法律の煩雑さや、融通の利かないことについては理解できる。
その法律とやらのおかげで、こうして生き返ることができたのだし、今更文句をいうつもりもない。
「無論、あなたの釈放に関しては、各方面から意見がありました。大勢は反対意見で占められていましたが。あなたを釈放すれば、少なからず問題が発生する。しかし、釈放しなければ、より多くの問題が発生することとなる。我々、ベナンダンディは大陸魔導社会の規範となる組織です。それが、率先して法を違えるようなことをすれば、信用失墜はまぬかれない」
「面倒な話だな」
その面倒の張本人が、かくいうメガデスなわけだが。
「まあ、大体の事情は掴めた。細かい部分は、おいおい調べていくとして、だ……」
ぽんと、机をたたくと、メガデスは居住まいを正し、カーティスに向いた。
「あらためて聞こう。宮廷魔導士カーティス・ドノヴァン」
「はい?」
「願いはないのか?」
「いいえ」
間髪入れずに答えるカーティスに、メガデスはなおも食い下がる。
「いや、でもほら。経緯はどうあれ、お前は俺を生き返らせてくれた恩人なわけじゃない? 礼をしないわけにはいかないだろう、人として」
「いりません」
「そりゃお前はそれでいいかもしれないけどさ、やっぱさあ、様式美みたいなものがあるじゃん。やっぱりお礼ぐらいはしておかなければ、魔王としての沽券にかかわるわけよ」
「公務ですので、殊更礼を言っていただく必要はありません。

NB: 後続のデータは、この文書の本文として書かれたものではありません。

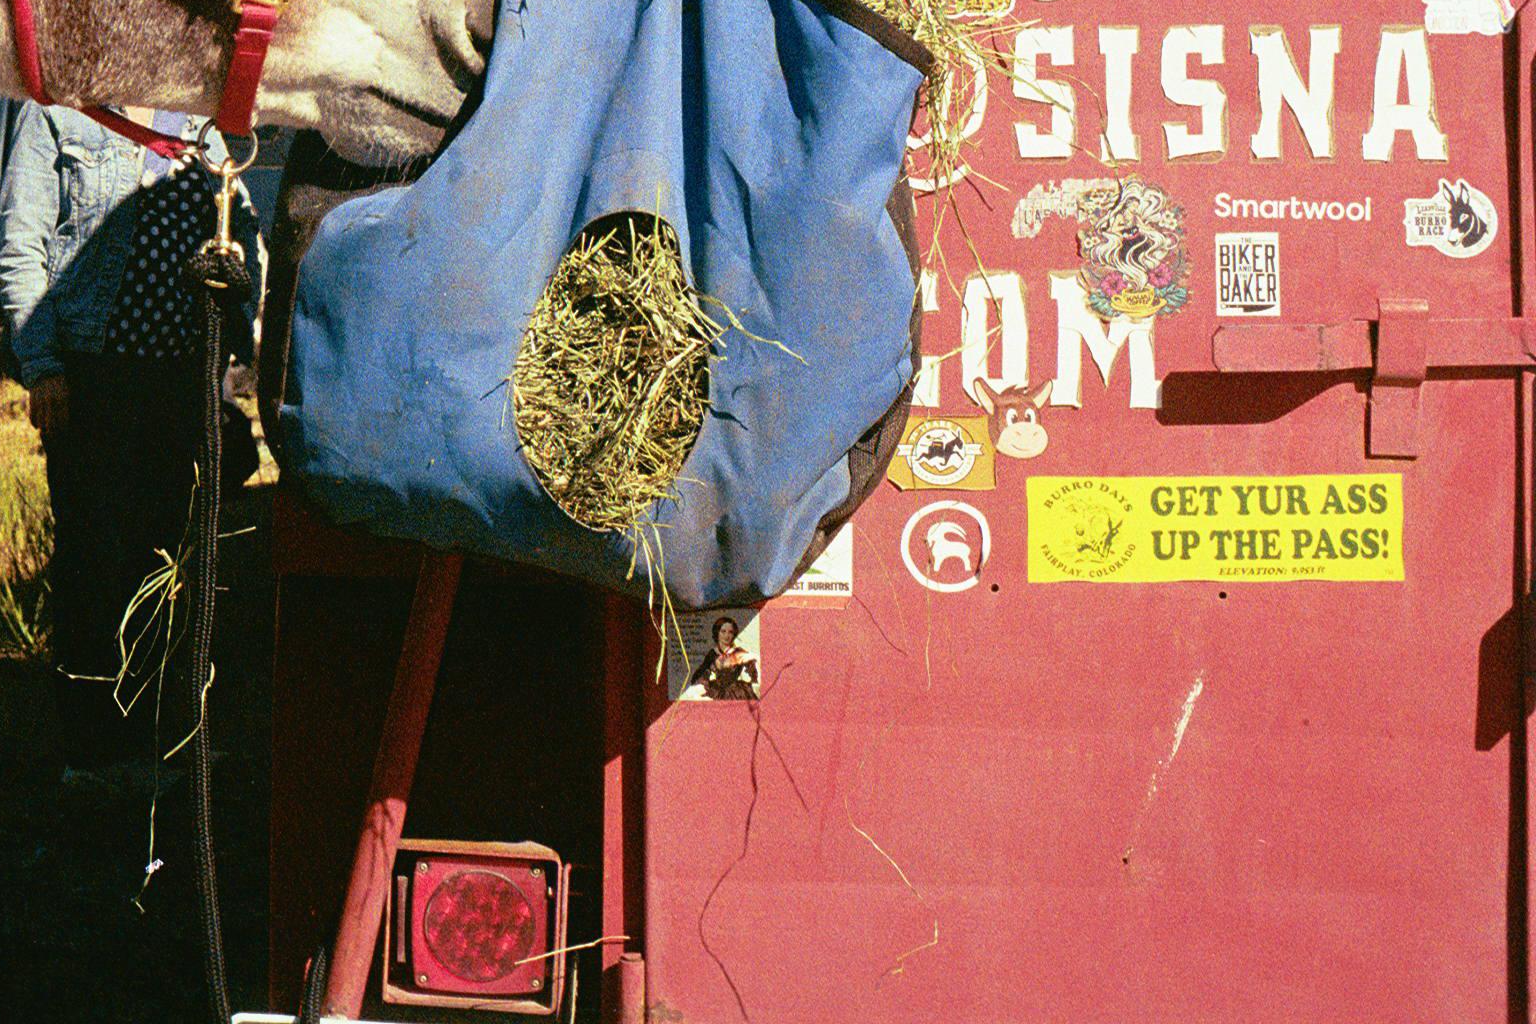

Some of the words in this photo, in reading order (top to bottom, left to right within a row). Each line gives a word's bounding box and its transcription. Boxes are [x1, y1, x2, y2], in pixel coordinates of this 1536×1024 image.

[1214, 192, 1372, 222] Smartwool
[1415, 216, 1446, 226] BURRO
[1419, 226, 1444, 236] RACE
[1220, 244, 1276, 273] BIKER
[1220, 267, 1277, 302] BAKER
[1043, 480, 1094, 509] BURRO
[1098, 483, 1133, 512] DAYS
[1150, 485, 1223, 516] GET
[1230, 484, 1311, 515] YUR
[1319, 483, 1389, 514] ASS
[1151, 529, 1201, 560] UP
[1209, 529, 1283, 560] THE
[1291, 527, 1390, 560] PASS!
[1088, 543, 1137, 578] COLORADO
[1218, 567, 1288, 576] ELEVATION:
[807, 581, 850, 592] BURRITOS
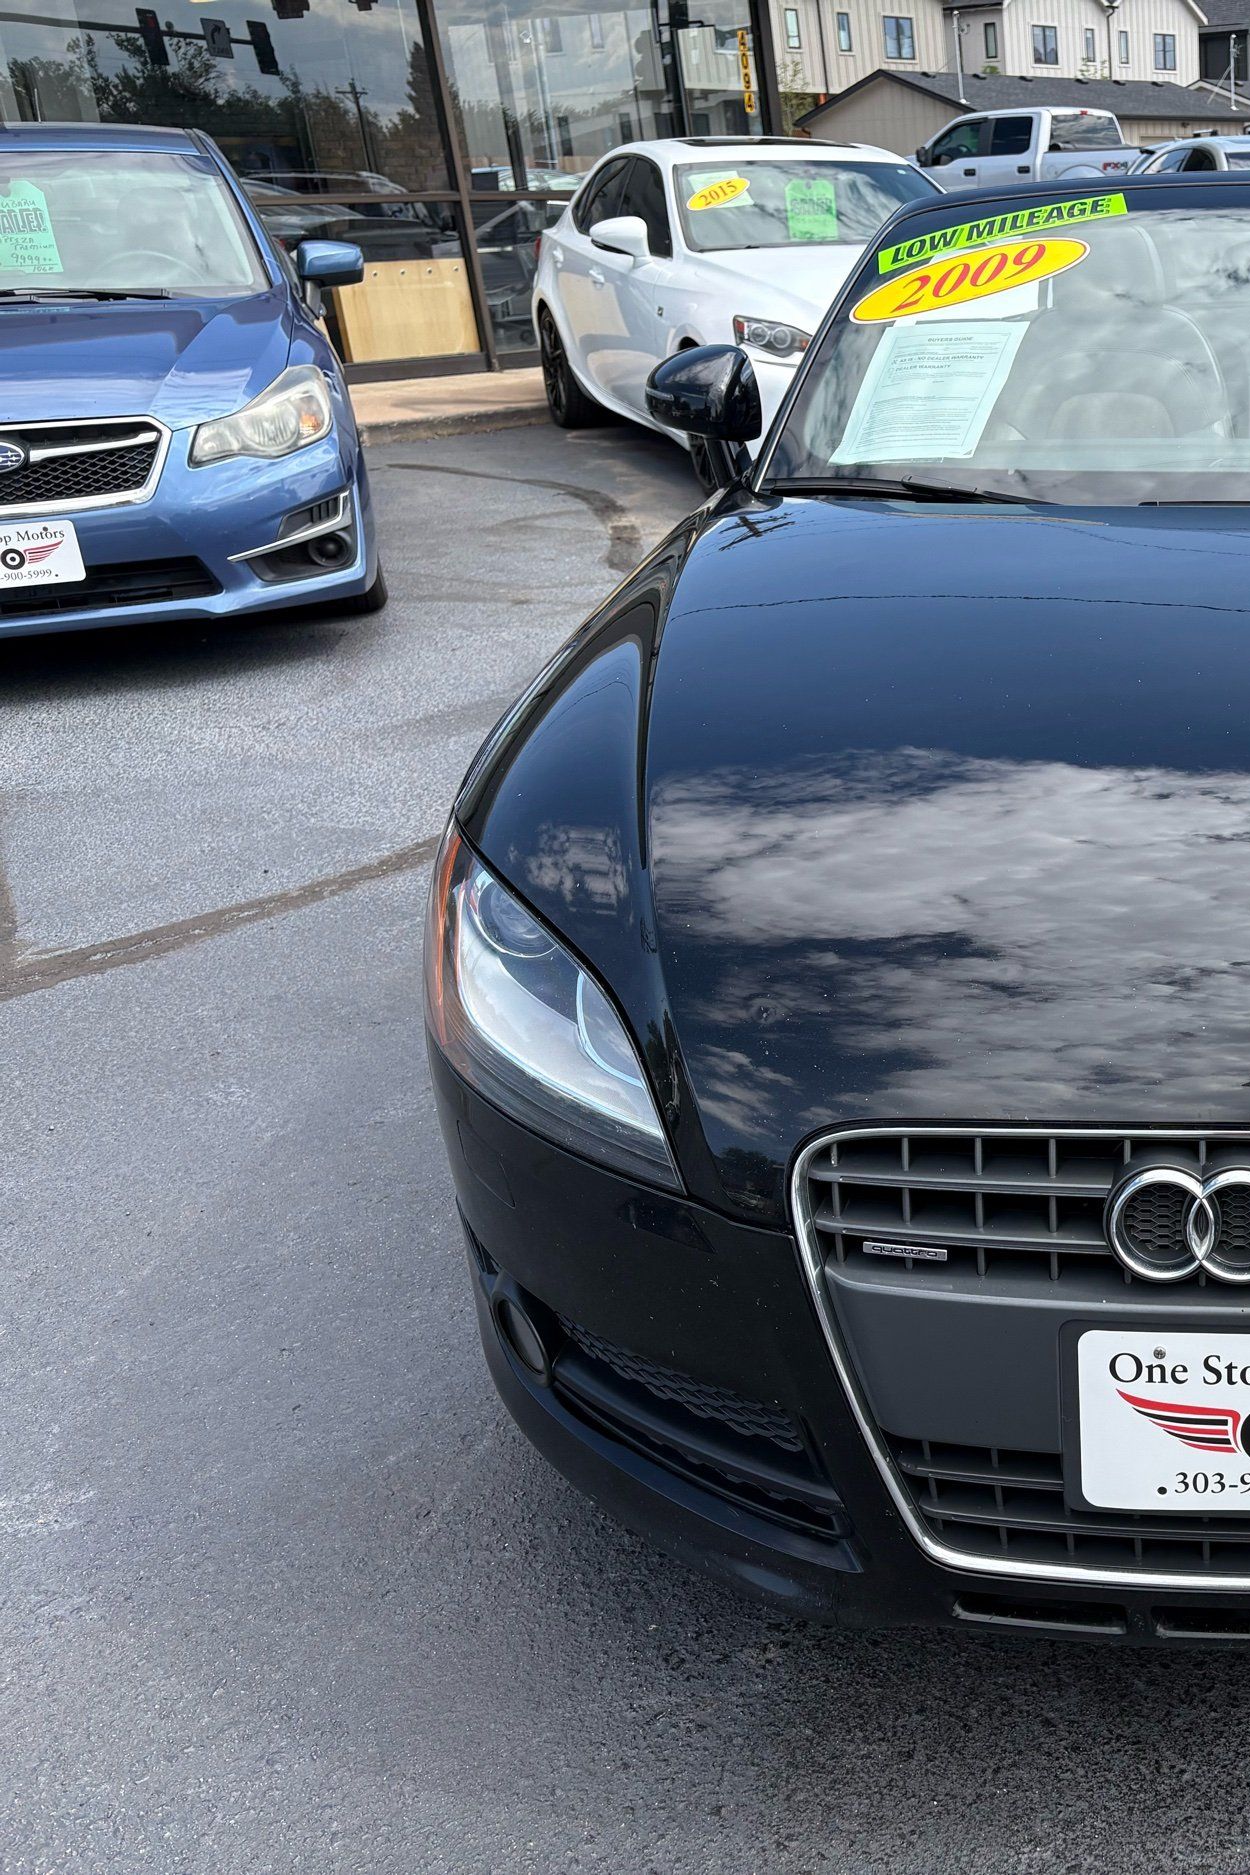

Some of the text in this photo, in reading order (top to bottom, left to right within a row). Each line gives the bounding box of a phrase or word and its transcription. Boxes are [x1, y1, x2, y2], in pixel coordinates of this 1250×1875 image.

それに、囚人から謝礼を受け取りますと、収賄の罪に問われてしますので」
「……えー?」
かたくなに申し出を固辞するカーティスに、メガデスは不満げな表情を浮かべる。
「いや、でも俺、魔王だよ? 魔導を極めた男だよ。なんかあるだろう?」
「あなたが社会人として社会復帰してくださればそれで充分です」
「そういう優等生的な答えが聞きたいんじゃねぇよ。お前だって、生身の男だろう。欲もあれば、業もある。なんか、あるだろ? 欲しいものとか、やりたいことの一つや二つくらい」
「ありません。あなたに願うことはただ一つ。とっとと、ここから出て行ってください」
「いや、そんな犬や猫じゃあるまいし。あの世から呼び出しといて出てけって、それってどうなの?」
「犬猫ではないから出て行け、と言っています。犬や猫ならば、保健所に命じて保護しますが、あなたは人間だ。無実の人間を拘留していると、人権とかの問題が生じます。食費もかかりますし」
「動物以下なのかよ、俺……」
衝撃を受けたように、うつむくメガデス。
今まで魔王だとか、悪魔の化身だとか呼ばれたことはあるが、畜生以下の扱いを受けたのは初めてであった。
がっくりとうなだれていると、部屋の扉があいた。
「団長」
中に入ってきたのは、制服姿の若い女性だった。
おそらくはカーティスの秘書なのだろう。
研究室でも、部屋の片隅で何やら記録していたのを覚えていた。
女性秘書官は短く要件を告げる。
「彼女が到着しました」
「そうか」
報告にうなずくと、再びメガデスに向き直る。
「釈放、といっても当分の間は保護観察処分という扱いになります。行動には制限が付きます。詳しい説明は、彼女から聞いてください」
「彼女?」
たずねると同時、部屋の中に一人の少女が入ってきた。
制服姿であることを見ると、この少女もまた、宮廷魔導士団の一員であるらしかった。
「クリーデンス魔導官。こちらが君の担当する保護観察対象だ」
「は、初めまして」
緊張した面持ちで、少女は挨拶する。
「あなたの担当になりました、クリーデンス……ふぎゃっ!」
名前を言い終えるまえに、メガデスは動いた
立ち上がり、彼女の下へ駆け寄ると、
思い切り拳で殴りつける。
「……え、な、何? 何なの!?」
殴られた鼻柱をさすりながら、目を瞬かせる。
驚きのあまり、殴られたことに気が付いてないようだ。
カーティスと秘書官も、驚きに目を丸くする。
突然の行動に、彼らも反応できなかったようだ。
いちばん驚いていたのは、メガデスだったかもしれない。
叩きつけた拳と、少女の顔を見比べ、つぶやく。
「……あ、いや。悪ぃ」
素直に謝る。
ようやく自分が殴られたことに気が付いたのか、少女はメガデスに向かってまくしたてる。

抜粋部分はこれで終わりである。